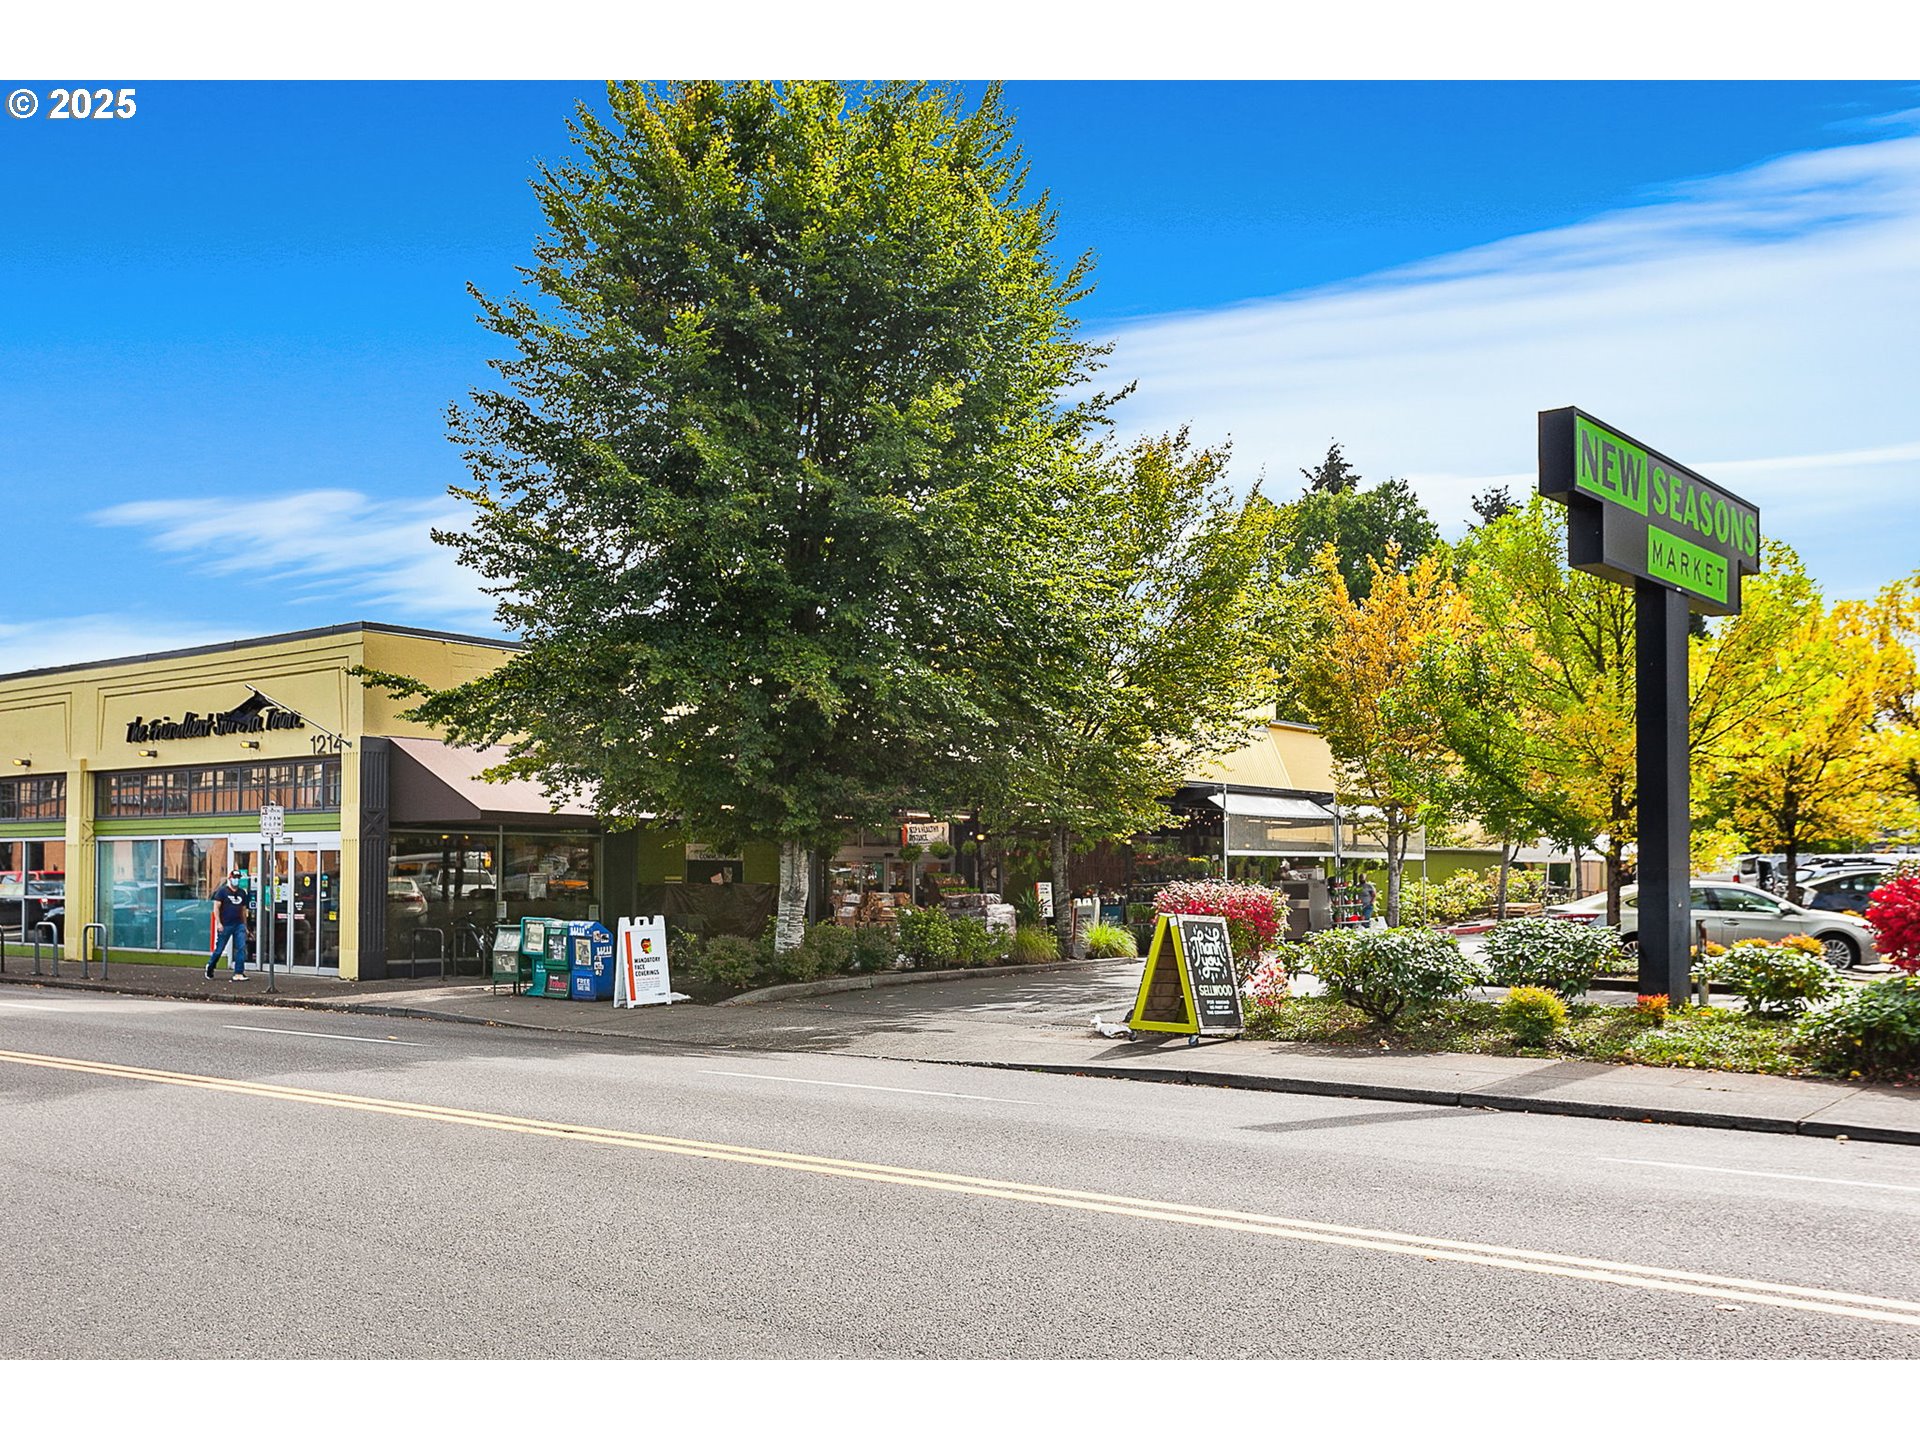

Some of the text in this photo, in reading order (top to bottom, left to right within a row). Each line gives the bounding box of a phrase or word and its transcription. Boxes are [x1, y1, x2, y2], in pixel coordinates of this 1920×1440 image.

[1582, 428, 1756, 557] NEW SEASONS
[1652, 540, 1724, 591] MARKET
[310, 733, 342, 754] 1214
[1190, 928, 1226, 967] Thank
[635, 969, 660, 977] COVERINGS
[1201, 955, 1223, 978] you
[1199, 984, 1233, 997] SELLWOOD

● **Goal of the exercise**: The copy you produce must repeat all the entries exactly and contain no pictures.

● **Problem solution**:
Some of the text in this photo, in reading order (top to bottom, left to right within a row). Each line gives the bounding box of a phrase or word and its transcription. Boxes are [x1, y1, x2, y2], in pixel coordinates of this 1920×1440 image.

[1582, 428, 1756, 557] NEW SEASONS
[1652, 540, 1724, 591] MARKET
[310, 733, 342, 754] 1214
[1190, 928, 1226, 967] Thank
[635, 969, 660, 977] COVERINGS
[1201, 955, 1223, 978] you
[1199, 984, 1233, 997] SELLWOOD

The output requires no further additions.